Если ей хотелось тронуть Леднева, то ей это удалось. А ведь ничего, казалось бы, такого не сказала. Но интонация… Выражение глаз… Ни Агеевой, ни тем более Мосиной не удалось так быстро расположить к себе, как этой Катковой.
Рукава ее рубашки были закатаны, и Михаил неожиданно увидел на запястьях отчетливые поперечные шрамы.
– Что это? – спросил он, догадываясь, что девушка специально показала ему эти шрамы, чтобы он спросил о них.
– Вскрываться приходилось, – коротко пояснила она.
– Я смотрю, это тут у вас почти хобби, – усмехнулся Михаил.
Глаза у Катковой потухли. Она опустила ресницы и тоже усмехнулась:
– Ага, хобби. Попробуйте, может, понравится.
Обиделась. Ледневу хотелось как-то ее смягчить. Но он тут же подумал, что девушка, возможно, только этого и ждет. В чем он действительно чувствовал сейчас вину, так в том, что не прочел еще ни дело Катковой, ни приговоров. Не успел. Хотя кто знает, может, знание прошлого осужденной как раз и мешает взглянуть на нее непредвзято.

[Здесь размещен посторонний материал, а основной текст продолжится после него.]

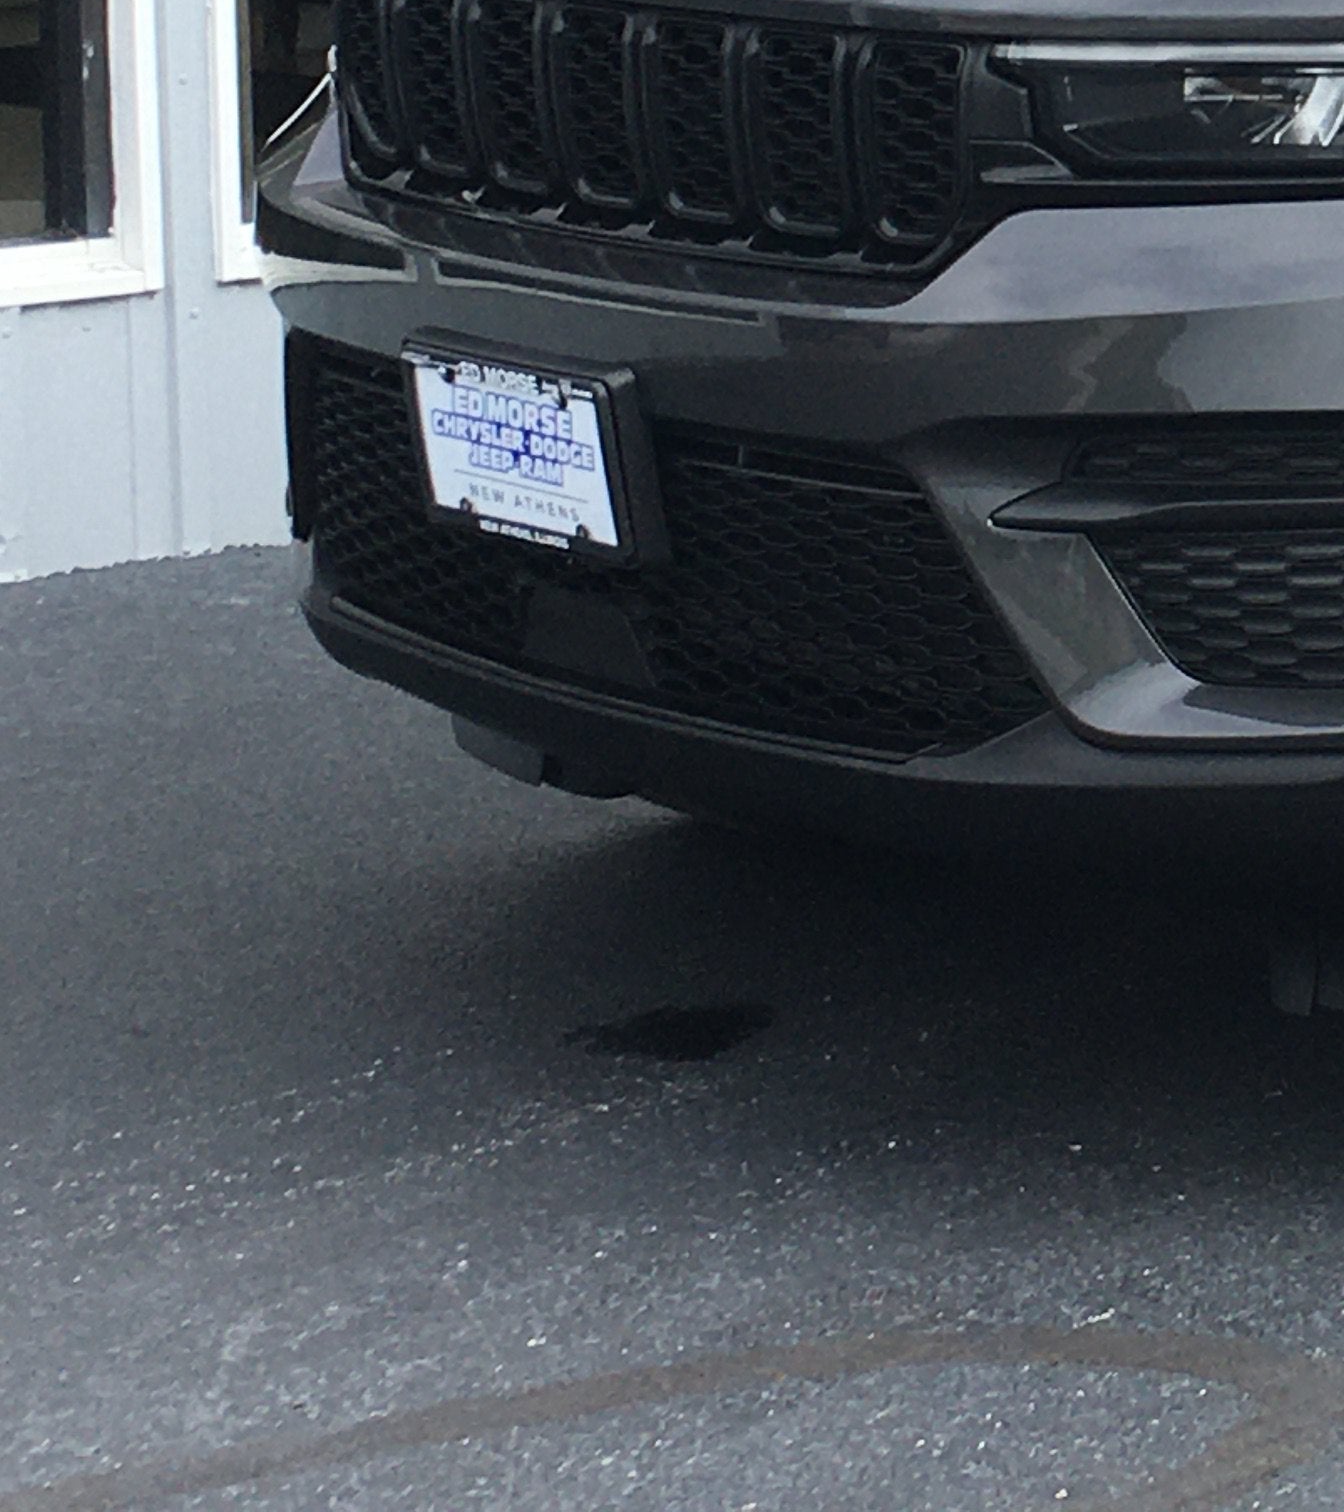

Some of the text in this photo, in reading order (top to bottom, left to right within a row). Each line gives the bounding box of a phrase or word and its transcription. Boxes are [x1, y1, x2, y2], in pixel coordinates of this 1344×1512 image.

[453, 387, 572, 440] ED MORSE
[432, 410, 595, 471] CHRYSLER DODGE
[469, 442, 564, 487] JEEP RAM
[469, 482, 581, 523] NEW ATHENS
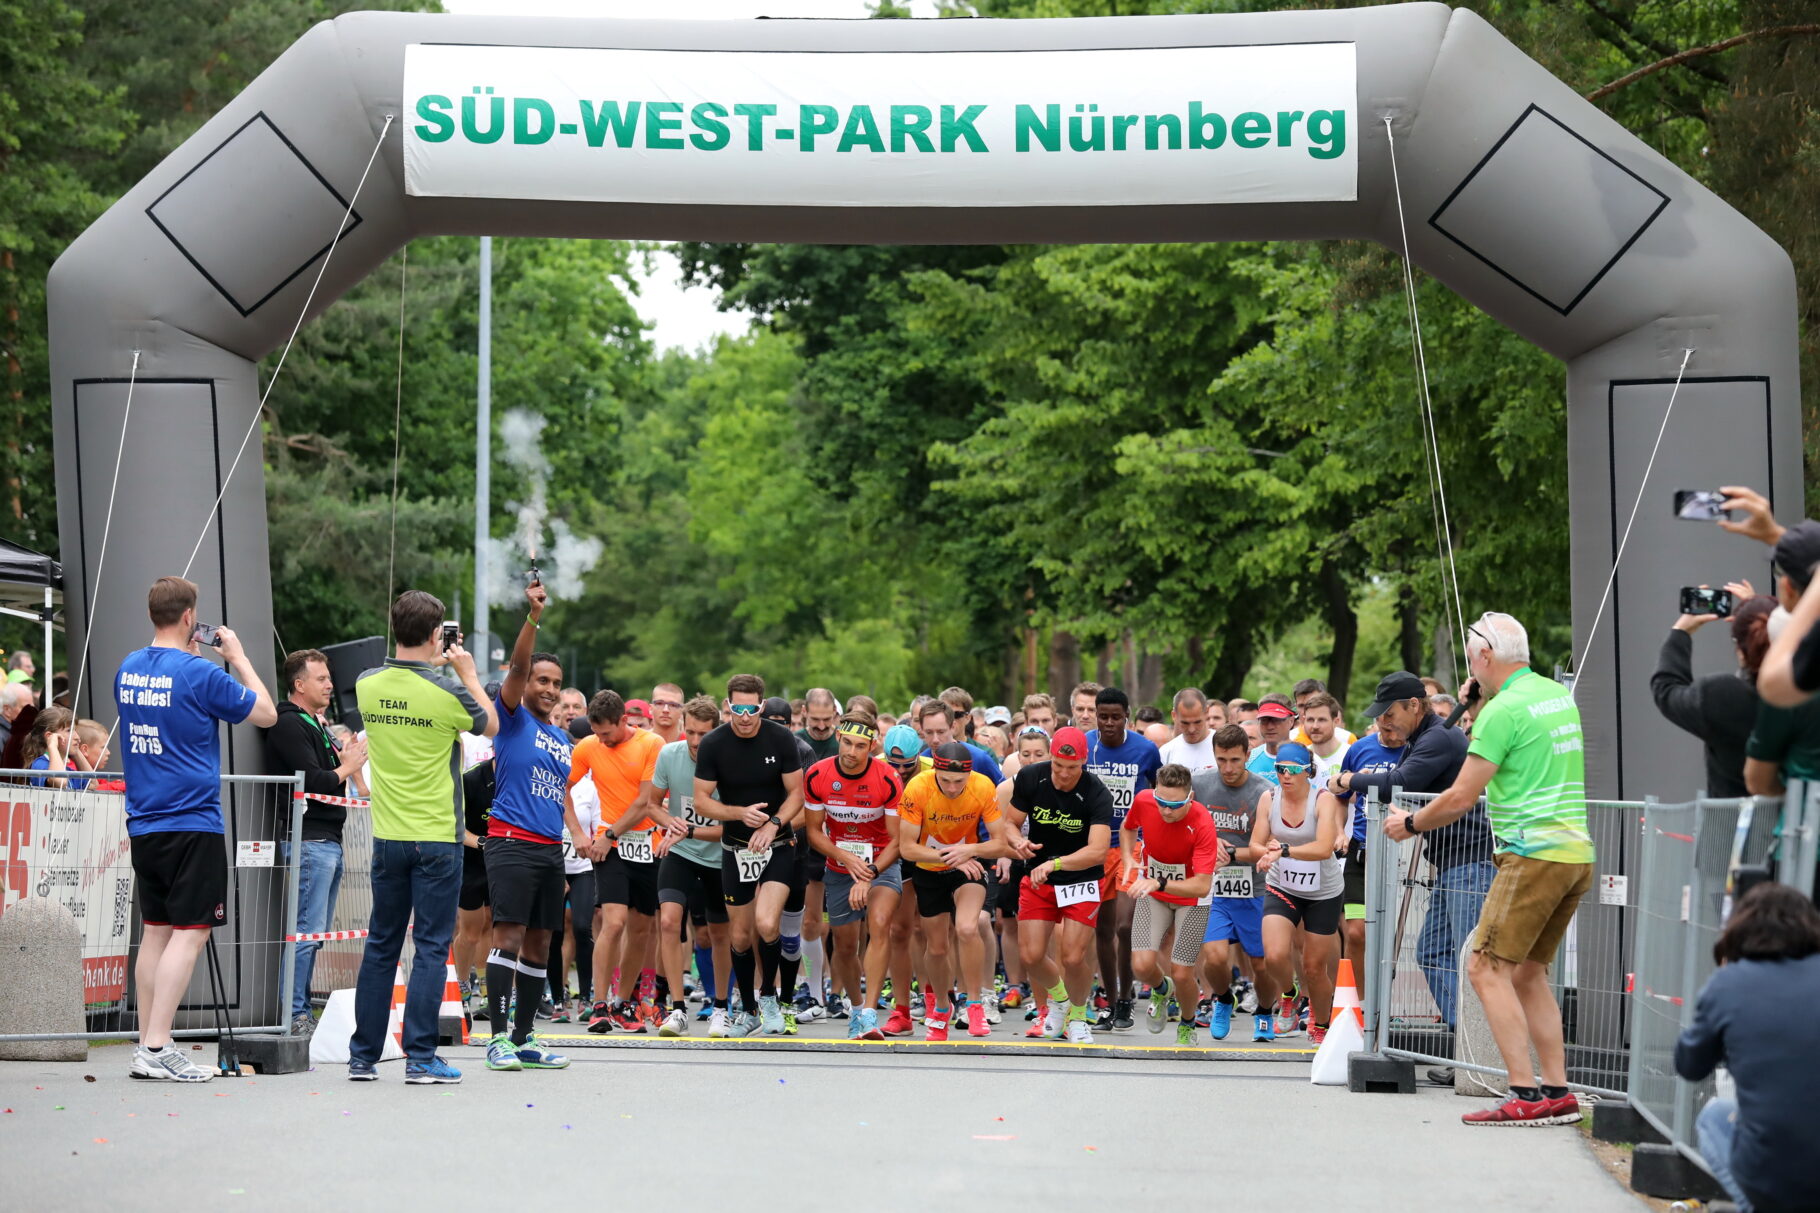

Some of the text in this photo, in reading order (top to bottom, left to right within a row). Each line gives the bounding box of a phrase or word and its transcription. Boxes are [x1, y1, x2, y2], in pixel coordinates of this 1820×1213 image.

[414, 86, 1346, 160] SÜD-WEST-PARK Nürnberg
[120, 672, 172, 689] Dabei sein
[119, 687, 171, 708] ist alles!
[379, 699, 408, 711] TEAM
[129, 722, 159, 737] FunRun
[130, 735, 163, 755] 2019
[1111, 763, 1139, 776] 2019
[531, 782, 565, 805] HOTE
[1111, 788, 1132, 807] 20
[619, 841, 652, 861] 1043
[47, 866, 79, 888] teinmetze
[1283, 869, 1317, 886] 1777
[1061, 882, 1096, 899] 1776
[1214, 879, 1251, 897] 1449

– Что-то не похожи вы на психолога, – сказала, покривив губы, Лариса. – Тонкости вам не хватает.
– Это со мной бывает, – согласился Леднев. – Говорю одно, а думаю о другом. Улетаю куда-то.
Каткова ехидно рассмеялась:
– Ну, зачем же так раздваиваться? Вы тут, на земле, кому-то нужны.

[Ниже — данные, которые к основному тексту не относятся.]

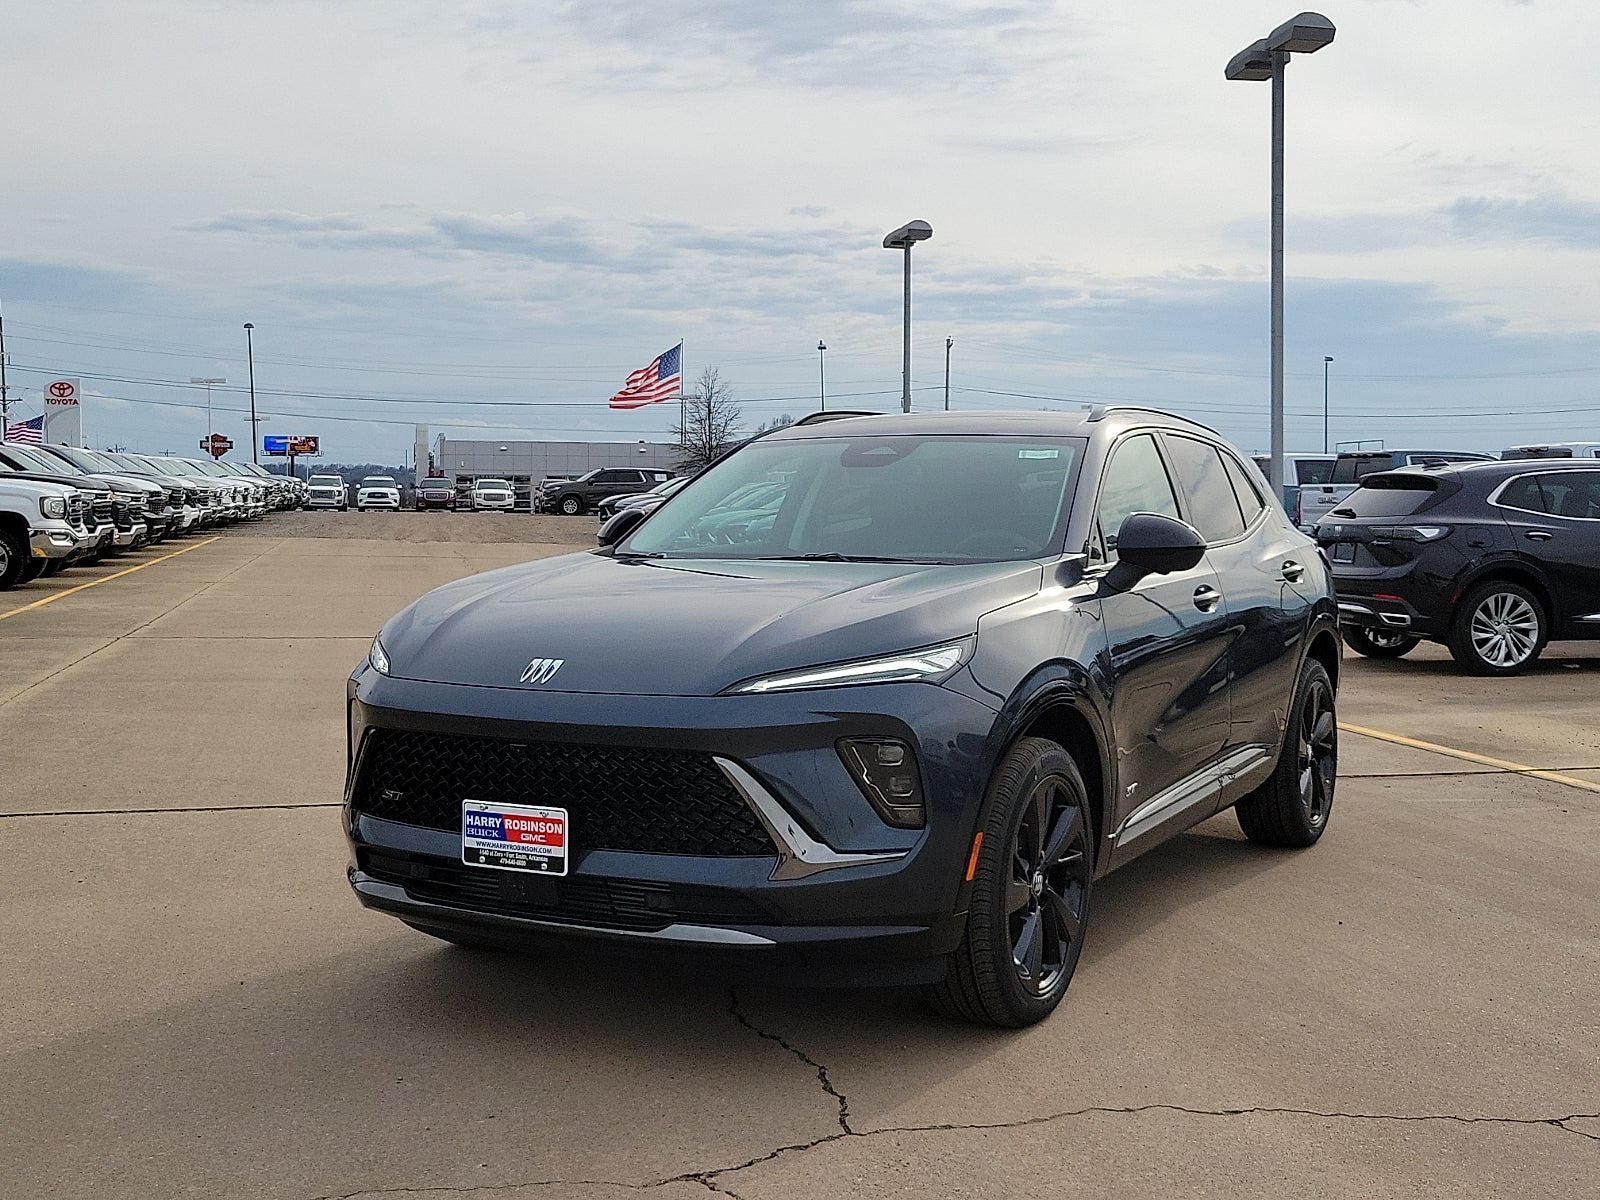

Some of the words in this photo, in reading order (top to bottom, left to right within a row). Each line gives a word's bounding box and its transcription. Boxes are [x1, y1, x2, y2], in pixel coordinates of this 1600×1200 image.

[45, 398, 79, 406] TOYOTA
[381, 789, 403, 800] ST
[466, 814, 502, 829] HARRY
[505, 819, 562, 834] ROBINSON
[466, 827, 500, 838] BUICK
[520, 833, 547, 843] GMC
[475, 841, 552, 854] WWW.HARRYROBINSON.COM

– Спрашиваю тебя про твои шрамы, а думаю, не ты ли, в самом деле, стащила духи. И из-за чего ты подралась с Мосиной. И чего ради на тебя набросилась Агеева.
– Ах, вам меня жалко, – после секундной оторопи сделала вывод Лариса. – Знаете, что мне надоело в этом зверинце? Запах. А хорошие духи – это запах воли. Успокойтесь – не я их увела. А может, их вообще никто не уводил? Об этом не подумали?
Выражение лица Катковой не оставляло сомнений, что вопрос этот она задала не для отвода глаз. Тут было о чем подумать перед сном. А сейчас особо размышлять было некогда.
– Над чем вы работаете? – спросила вдруг Каткова. – Что вас больше всего интересует?